# [WHAT TO PRODUCE]
Without any pictures, restate the full set of records below exactly.

[[ DATA EXTRACT, beginning ]]

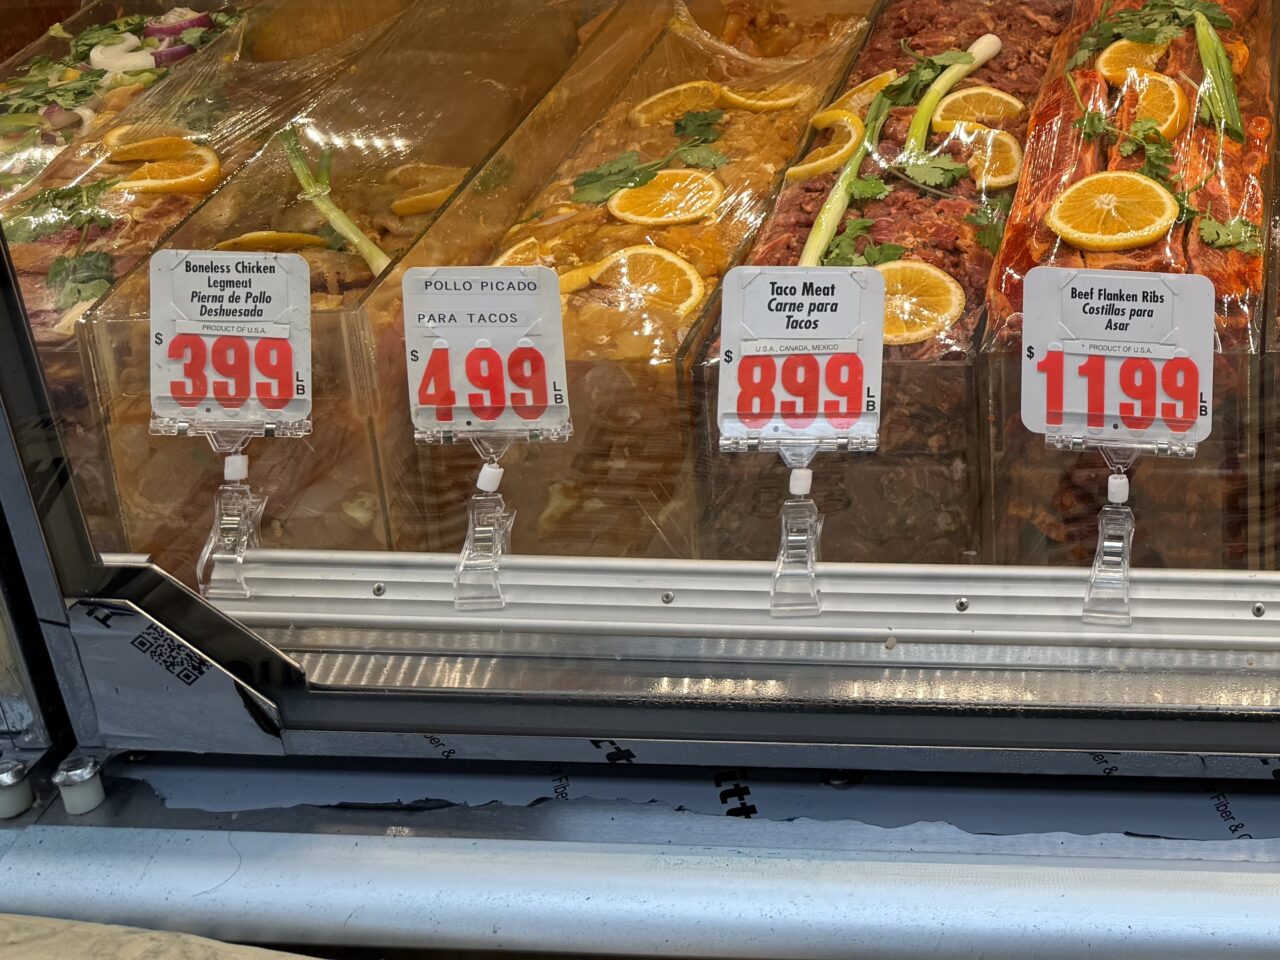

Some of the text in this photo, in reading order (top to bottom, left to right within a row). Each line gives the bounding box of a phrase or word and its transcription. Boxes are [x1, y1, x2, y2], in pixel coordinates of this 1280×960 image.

[185, 260, 276, 274] Boneless Chicken
[208, 277, 252, 291] Legmeat
[425, 281, 537, 291] POLLO PICADO
[770, 282, 836, 296] Taco Meat
[191, 291, 272, 304] Pierna de Pollo
[1071, 287, 1165, 304] Beef Flanken Ribs
[200, 305, 263, 318] Deshuesada
[767, 298, 838, 316] Carne para
[1082, 303, 1154, 320] Costillas para
[418, 313, 518, 323] PARA TACOS
[785, 315, 819, 329] Tacos
[1105, 319, 1130, 332] Asar
[1089, 344, 1121, 352] PRODUCT
[1209, 793, 1236, 824] Fiber

[[ DATA EXTRACT, end ]]

# [ANSWER BELOW]
Some of the text in this photo, in reading order (top to bottom, left to right within a row). Each line gives the bounding box of a phrase or word and its transcription. Boxes are [x1, y1, x2, y2], in pixel coordinates of this 1280×960 image.

[185, 260, 276, 274] Boneless Chicken
[208, 277, 252, 291] Legmeat
[425, 281, 537, 291] POLLO PICADO
[770, 282, 836, 296] Taco Meat
[191, 291, 272, 304] Pierna de Pollo
[1071, 287, 1165, 304] Beef Flanken Ribs
[200, 305, 263, 318] Deshuesada
[767, 298, 838, 316] Carne para
[1082, 303, 1154, 320] Costillas para
[418, 313, 518, 323] PARA TACOS
[785, 315, 819, 329] Tacos
[1105, 319, 1130, 332] Asar
[1089, 344, 1121, 352] PRODUCT
[1209, 793, 1236, 824] Fiber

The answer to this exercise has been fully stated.